2108 N St., Suite 4254
Sacramento, CA 95816
Ladies and Gentleman:
| Re: | DevvStream Corp. – Registration Statement on Form S-4 |
We have acted as Canadian tax counsel to DevvStream Corp. (the “Company”) in connection with the transactions (the “Business Combination Transactions”) contemplated by the Business Combination Agreement, dated as of April 13, 2026 (the “BCA”), entered into by and among the Company, XCF Global, Inc. (“XCF Global”), a Delaware corporation, Southern Energy Renewables Inc., a Louisiana corporation, DevvStream Merger Sub Inc., a Delaware corporation and a wholly-owned subsidiary of XCF Global, and Southern Merger Sub Inc., a Delaware corporation and a wholly-owned subsidiary of XCF Global.
This opinion is being delivered in connection with the registration statement on Form S-4 filed by XCF Global with the United States Securities and Exchange Commission on or about the date hereof (the “Registration Statement”) with respect to the Business Combination Transactions.
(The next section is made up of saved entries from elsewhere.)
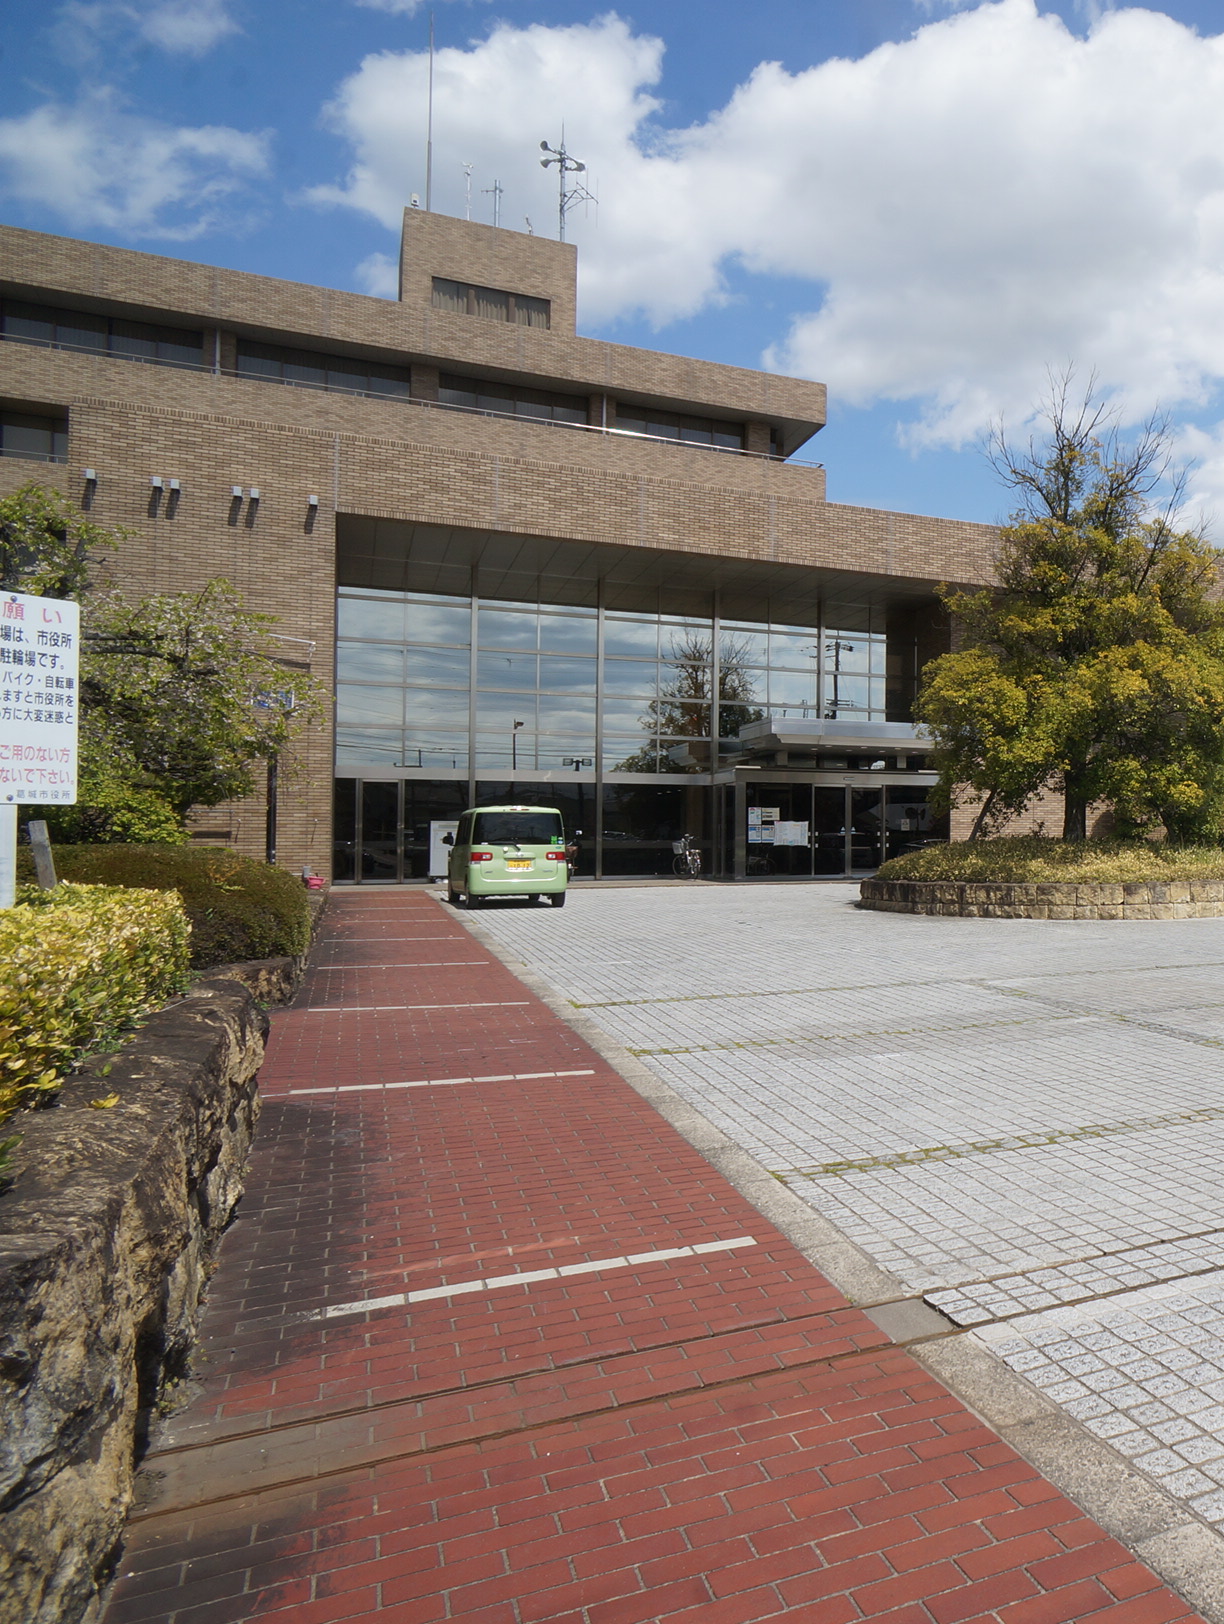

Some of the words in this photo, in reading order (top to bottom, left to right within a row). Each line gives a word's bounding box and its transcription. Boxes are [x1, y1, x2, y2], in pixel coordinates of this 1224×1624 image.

[2, 671, 75, 690] バイク・自転車
[0, 688, 74, 708] ますと市役所を
[0, 707, 74, 725] 方に大変迷惑と
[0, 744, 71, 764] ご用のない方
[16, 789, 71, 800] 葛城市役所
In rendering our opinion, we have reviewed the BCA, the Registration Statement and such other documents and information, and have made such other investigations, as we have considered necessary or relevant for purposes of rendering our opinion. In our examination, we have assumed, without independent verification, (i) the authenticity of original documents, (ii) the accuracy of copies and the genuineness of signatures, (iii) that the execution and delivery by each party to a document and the performance by such party of its obligations thereunder have been authorized by all necessary measures and do not violate or result in a breach of or default under such party’s certificate or instrument of formation and by-laws or the laws of such party’s jurisdiction of organization, (iv) that each agreement represents the entire agreement between the parties with respect to the subject matter thereof, (v) that the parties to each agreement have complied, and will comply, with all of their respective covenants, agreements and undertakings contained therein, (vi) that the transactions provided for by each agreement were and will be carried out in accordance with their terms, and (vii) the statements concerning the BCA and the Business Combination Transactions provided in the Registration Statement (including, without limitation, their respective exhibits) are true, correct and complete. In addition, in rendering our opinion, we have relied upon, without independent verification, facts and representations that have been provided or made to us by you and your agents which we assume are, and will continue to be, true, correct and complete.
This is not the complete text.